Twenty-six players made at least one appearance for Gillingham during the season. Johnson and Paul Haylock made the most; each made a total of 51 appearances in all competitions. Haylock missed only two league games, whereas Johnson was absent for only one Fourth Division game and one in the Associate Members' Cup. Six other players made 40 or more appearances: Heritage, Hillyard, Lovell, O'Shea, Lee Palmer, and Walker. Gary Smith made the fewest appearances, playing only twice, both times as a substitute. The two games would prove to be the entirety of his professional career.

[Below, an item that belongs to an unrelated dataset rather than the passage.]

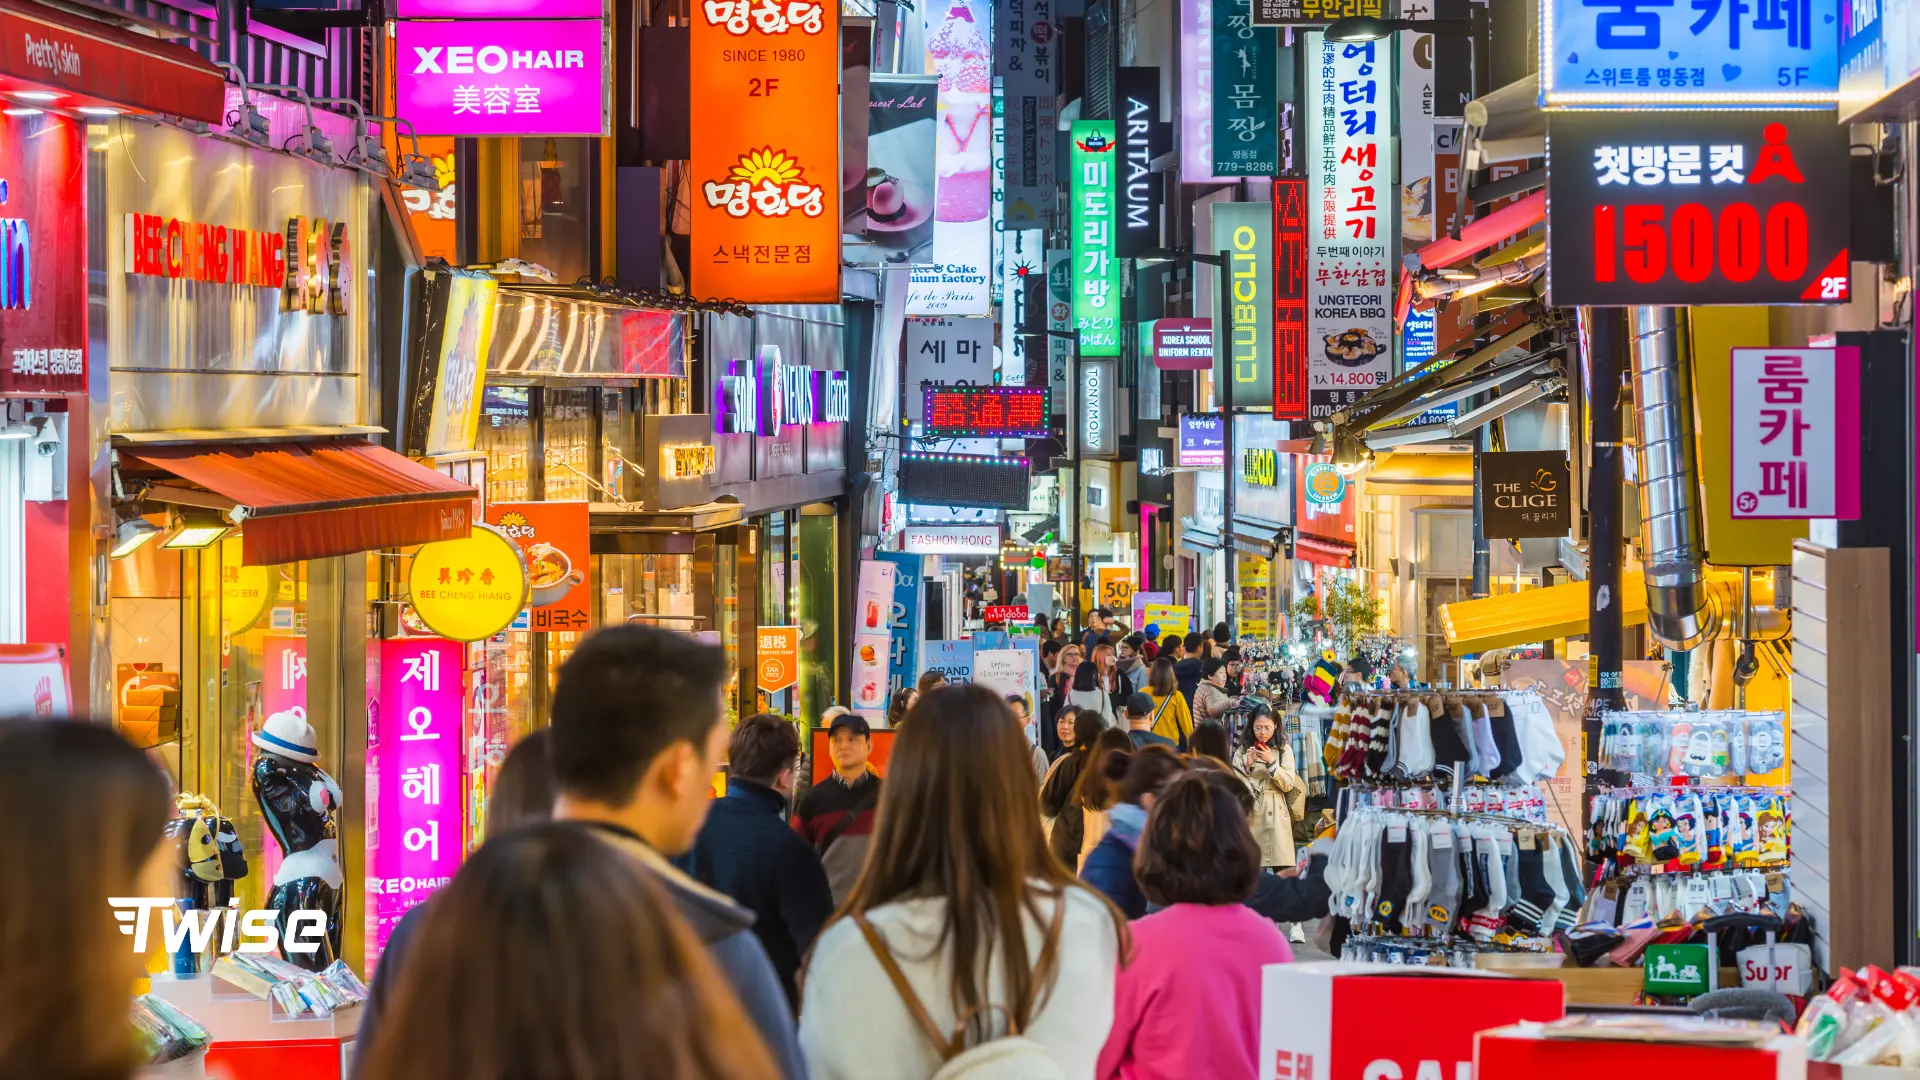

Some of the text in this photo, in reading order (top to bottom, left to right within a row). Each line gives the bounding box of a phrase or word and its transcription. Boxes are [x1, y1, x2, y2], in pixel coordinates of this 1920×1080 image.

Thirteen players scored at least one goal during the season. Lovell was the team's top scorer for the third consecutive season; he scored 16 goals in Fourth Division matches and a total of 18 in all competitions. Heritage was the second highest-scoring player, with a total of 9 goals; no other player scored more than three times.

Player statistics
| Player | Position | Fourth Division |  | FA Cup |  | League Cup |  | Associate Members' Cup |  | Total |  |
| Apps | Goals | Apps | Goals | Apps | Goals | Apps | Goals | Apps | Goals |
| Peter Beadle | FW | 10 | 1 | 0 | 0 | 2 | 0 | 0 | 0 | 12 | 1 |
| Brian Clarke | DF | 3 | 0 | 0 | 0 | 0 | 0 | 0 | 0 | 3 | 0 |
| Ian Docker | MF | 20 | 0 | 1 | 0 | 0 | 0 | 2 | 0 | 23 | 0 |
| Tony Eeles | MF | 33 | 2 | 1 | 0 | 2 | 0 | 2 | 0 | 38 | 2 |
| Pat Gavin | FW | 34 | 1 | 2 | 0 | 0 | 0 | 3 | 0 | 39 | 1 |
| Ivan Haines | DF | 26 | 0 | 2 | 0 | 2 | 0 | 1 | 0 | 31 | 0 |
| Paul Haylock | DF | 44 | 1 | 2 | 0 | 2 | 0 | 3 | 0 | 51 | 1 |
| Peter Heritage | FW | 42 | 9 | 2 | 0 | 0 | 0 | 3 | 0 | 47 | 9 |
| Ron Hillyard | GK | 42 | 0 | 2 | 0 | 2 | 0 | 1 | 0 | 47 | 0 |
| Peter Johnson | DF | 45 | 2 | 2 | 0 | 2 | 0 | 2 | 0 | 51 | 2 |
| Francis Joseph | FW | 3 | 0 | 0 | 0 | 2 | 0 | 0 | 0 | 5 | 0 |
| Garry Kimble | DF | 14 | 0 | 0 | 0 | 0 | 0 | 0 | 0 | 14 | 0 |
| Harvey Lim | GK | 4 | 0 | 0 | 0 | 0 | 0 | 2 | 0 | 6 | 0 |
| Steve Lovell | FW | 41 | 16 | 2 | 0 | 2 | 1 | 3 | 1 | 48 | 18 |
| Billy Manuel | MF | 32 | 3 | 2 | 0 | 1 | 0 | 3 | 0 | 38 | 3 |
| Russell Norris | DF | 5 | 0 | 0 | 0 | 2 | 0 | 0 | 0 | 7 | 0 |
| Mark O'Connor | MF | 15 | 1 | 0 | 0 | 0 | 0 | 1 | 0 | 16 | 1 |
| Tim O'Shea | DF | 36 | 2 | 1 | 0 | 0 | 0 | 3 | 0 | 40 | 2 |
| Lee Palmer | DF | 39 | 3 | 2 | 0 | 2 | 0 | 3 | 0 | 46 | 3 |
| Ricky Pearson | DF | 6 | 0 | 0 | 0 | 2 | 0 | 0 | 0 | 8 | 0 |
| Brendan Place | DF | 4 | 0 | 2 | 0 | 0 | 0 | 2 | 0 | 8 | 0 |
| Tony Pulis | DF | 16 | 0 | 0 | 0 | 0 | 0 | 1 | 0 | 17 | 0 |
| Gary Smith | MF | 1 | 0 | 0 | 0 | 1 | 0 | 0 | 0 | 2 | 0 |
| Steve Thompson | DF | 2 | 0 | 0 | 0 | 2 | 0 | 0 | 0 | 4 | 0 |
| Mike Trusson | DF | 25 | 2 | 2 | 0 | 0 | 0 | 1 | 0 | 28 | 2 |
| Alan Walker | DF | 38 | 2 | 0 | 0 | 0 | 0 | 2 | 1 | 40 | 3 |

==Aftermath==
In his final programme notes of the season, Richardson wrote that in his opinion the team would have been promoted had it not been for the number of injuries suffered by key players; he stated that injuries impacted his team selection for around 70 per cent of the season's matches and said that on some occasions he had as few as 13 players available for team selection. In the 1990–91 season, Gillingham's form was again inconsistent; following a lengthy unbeaten run in the first half of the season the team were in contention for the play-offs but ultimately finished 15th in the Fourth Division after failing to win in 10 consecutive games in the last two months of the season. Gillingham eventually achieved promotion back to the third tier of English football in 1996, ending a spell of seven seasons at the lower level.